On March 16, 2021, Ambassador Zhang Ming, Head of the Chinese Mission to the EU, attended "Sixty-minute Briefing" organized by the European Policy Center (EPC). Ambassador Zhang Ming answered questions on Xinjiang, Hong Kong, China's 14th Five-Year Plan, climate change, CAI, vaccine, “western alliance” on China, 17+1 cooperation, etc. The briefing was hosted by Shada Islam, senior adviser of European policy. Excerpts of Ambassador Zhang Ming's answers are as follows:

On Xinjiang

I have noted media reports and I am deeply concerned about possible sanctions on China. We are against interference in others' internal affairs, against sanctions, and against groundless accusations.

Xinjiang is the largest ethnic autonomous region in China. Since the founding of the People's Republic of China, regional autonomy has been practiced in Xinjiang where 13 ethnic groups live together. According to the Constitution, all ethnic groups are equal. No discrimination or suppression is allowed.

Issues facing Xinjiang are about fighting terrorism, extremism and separatism, not human rights violations. A few years ago, Xinjiang was severely ravaged by terrorism and violence, causing huge casualties and property losses. To stop the trend, while fighting terrorism, China has taken preventive steps to promote deradicalization, like establishing training centers. Such efforts have produced good results.

In fact, we have drawn upon international experience and practice from global partners and the UN in our counter-terrorism and deradicalization efforts in Xinjiang. The UN Action Plan to Prevent Violent Extremism points out that, poverty, unemployment, lack of education, and distortion of religious belief, among others, are causes for violence and extremism. It is imperative to provide education and economic opportunities to those affected, and help them stay away from violent and extremist thinking and groups. Countries like the US, the UK and France have established deradicalization centers or correction centers. China's measures are not entirely different from theirs.

The Chinese government, by offering training and employment opportunities, help people in Xinjiang get out of poverty. The past 4 years have not seen a single terrorist attack in Xinjiang. People feel much safer. They could sleep tight at night. Restaurants and cinemas are open till midnight. Last year, per capita income in Xinjiang rose by over 3.2% despite the Covid-19 impact. All this is the best protection of human rights.

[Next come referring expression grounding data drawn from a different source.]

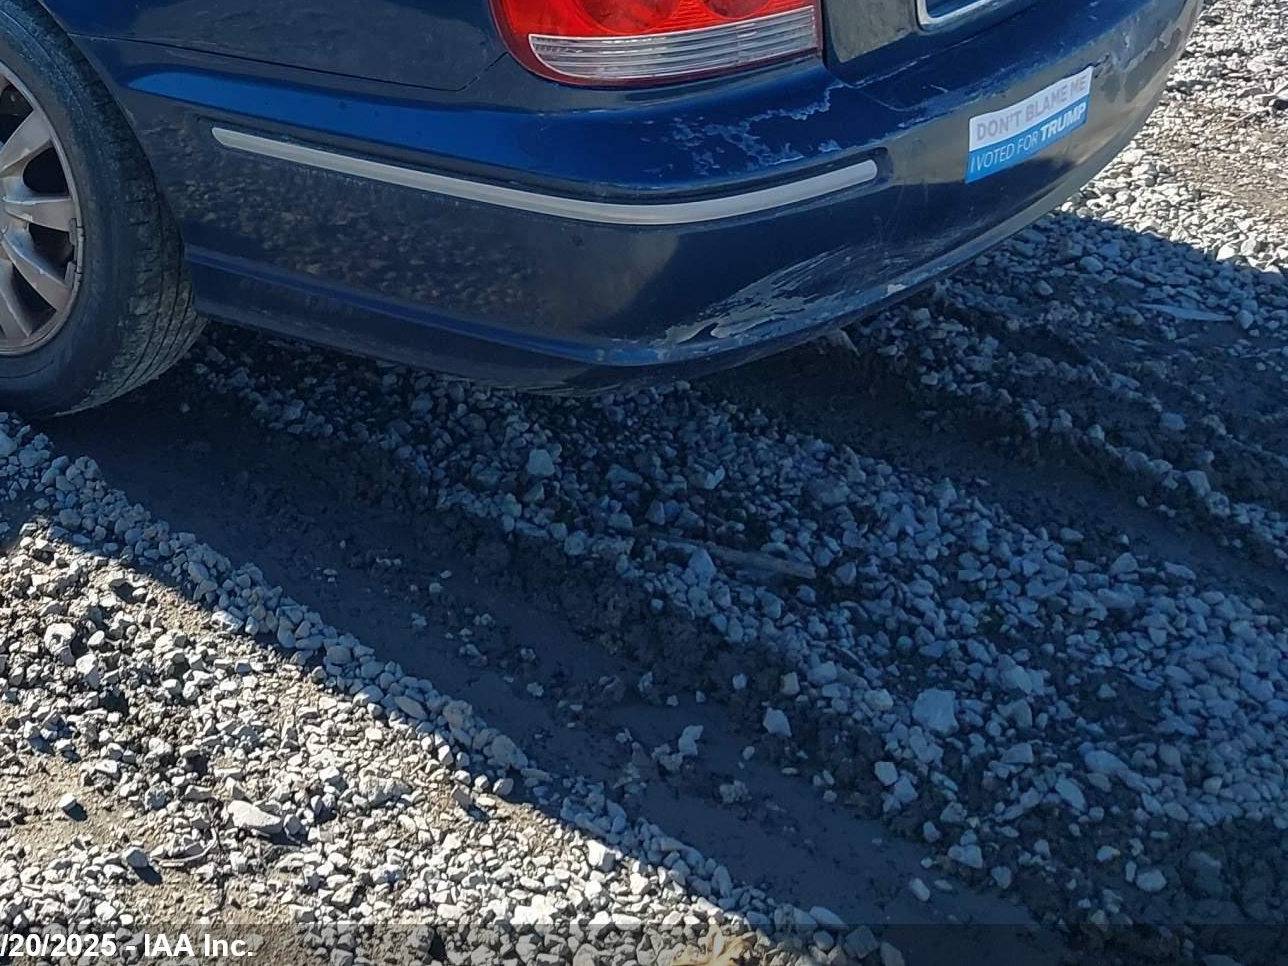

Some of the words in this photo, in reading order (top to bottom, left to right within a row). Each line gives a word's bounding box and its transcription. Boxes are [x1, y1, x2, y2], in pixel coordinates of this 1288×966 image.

[970, 157, 975, 173] I
[976, 143, 1016, 171] VOTED
[1017, 130, 1039, 155] FOR
[1040, 101, 1087, 141] TRUMP
[976, 109, 1023, 141] DON'T
[1025, 84, 1068, 123] BLAME
[1071, 75, 1088, 97] ME

It seems that not everyone wants to see a peaceful Xinjiang. China haters don't. They have made too many lies, like concentration camps, genocide and forced labor. These political manipulations aim to strip the workers, peasants, men and women, the young and the old in Xinjiang of their right to pursue a better life, thereby harming China's security and development interests. We would never allow such efforts to go their way. The EU is against disinformation, yet these are lies more outrageous than disinformation. The French author Maxime Vivas published a book "The End of Uyghur Fake News", which shed light on this question. I hope the EU and its member states will stay away from judgments along ideological lines, reject disinformation and lies, and adopt an objective and sensible stance.

I wish to emphasize that sanctions are confrontational. Sanctions based on lies could be interpreted as deliberately undermining China's security and development interests. It is the responsibility of the Chinese government to protect the safety and well-being of the Chinese people. We want dialogue, not confrontation. We ask the EU side to think twice. If some insist on confrontation, we will not back down, as we have no options other than fulfilling our responsibilities to the people.

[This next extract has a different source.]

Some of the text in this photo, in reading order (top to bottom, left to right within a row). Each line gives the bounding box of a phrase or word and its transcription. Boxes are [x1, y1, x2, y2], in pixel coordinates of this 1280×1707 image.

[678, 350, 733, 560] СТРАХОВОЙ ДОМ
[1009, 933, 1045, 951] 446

Follow-up on foreigners’ visit to Xinjiang

In fact, Xinjiang is open. It was open, it is open and it will remain open. Xinjiang receives a great number of tourists every year. Since 2018, more than 1,000 foreign journalists, diplomats, and others have visited Xinjiang. I have been keeping close contact with my counterparts in Beijing to arrange for Ambassadors from the EU and its member states to visit Xinjiang. Almost everything has been ready, but I'm so sorry that the EU Mission in Beijing raised an unacceptable request. But anyway, Xinjiang is open to European Ambassadors, foreign diplomats, journalists, tourists, etc. Sometimes I was asked: why don't you invite the UN High Commissioner for Human Rights to visit Xinjiang. I'm confused. We have repeated many times the invitation to the UN High Commissioner for Human Rights. The latest invitation was announced by State Councilor and Foreign Minister Wang Yi on 7th March during the Two Sessions’ press conference. Anyway, China is open and Xinjiang is open.

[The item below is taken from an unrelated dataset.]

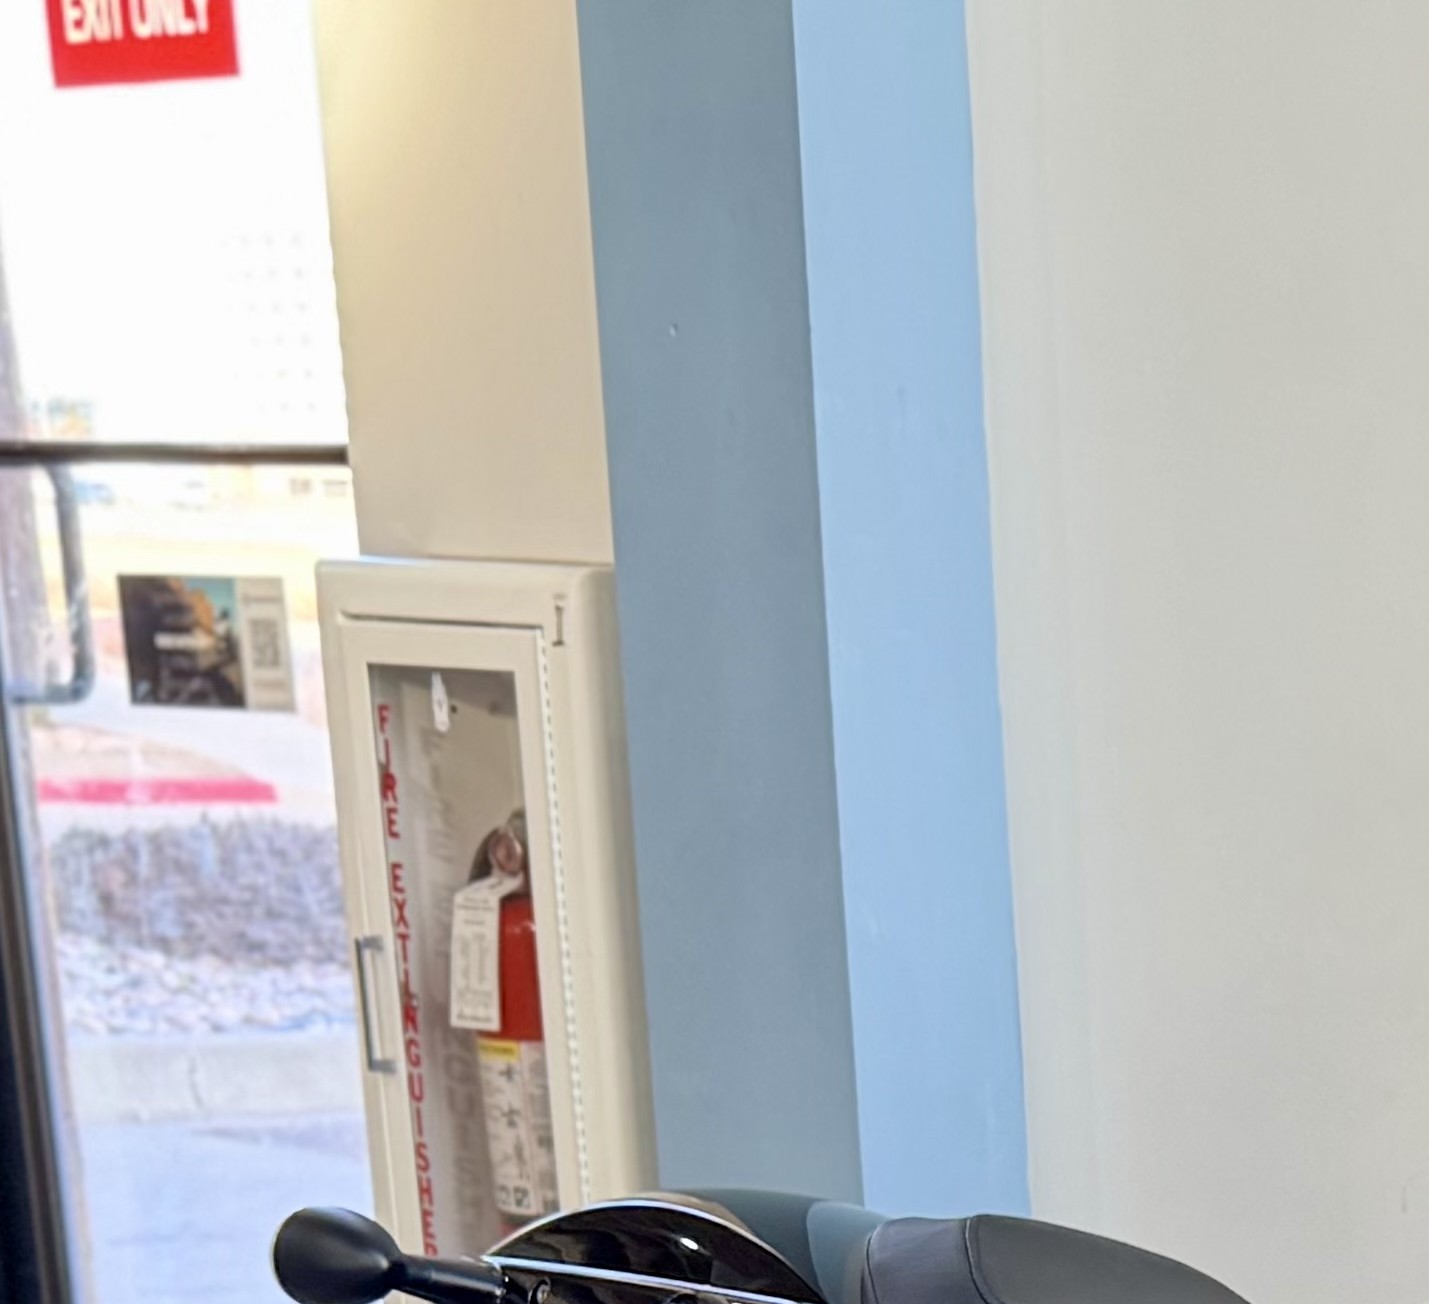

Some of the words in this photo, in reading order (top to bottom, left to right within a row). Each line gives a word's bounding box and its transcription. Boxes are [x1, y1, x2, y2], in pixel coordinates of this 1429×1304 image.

[61, 0, 123, 44] EXIT
[129, 0, 209, 39] ONLY
[376, 703, 400, 839] FIRE

(Q: What is the unacceptable request or a point that has been raised by the EU ambassadors?)

We have agreed on all requests except one. They insist on a meeting request with one criminal imprisoned and convicted according to Chinese law. This is unacceptable.

On Hong Kong

The legal basis for the governance of Hong Kong is the Constitution of China and the Basic Law, not the Sino-British Joint Declaration. The Declaration is primarily about the UK returning to China the illegally-occupied Chinese territory. China elaborates on its basic policies regarding Hong Kong in the Annex of the Declaration, which have been included in the Basic Law. Not a single paragraph in the Declaration could serve as a legal basis for foreign interference in China's internal affairs.

I noted that the EU accuses China of eroding "One Country, Two Systems". We must make it clear that "One Country" and "Two Systems" are an integral whole and cannot be divided. Some radicals committed vandalism, robbery and arson and attempted to paralyze the Legislative Council and pursue Hong Kong independence, gravely endangering national security. These were acts to subvert the "One Country, Two Systems". The National Security Law and the decision to improve the electoral system aim to uphold the "One Country, Two Systems".

When Mr. Deng Xiaoping put forward "One Country, Two Systems", he also put forward "patriots administering Hong Kong". Mr. Deng said that, patriots are those who uphold the motherland's resumption of exercise of sovereignty over Hong Kong and who do not undermine Hong Kong's prosperity and stability. The criteria are still valid.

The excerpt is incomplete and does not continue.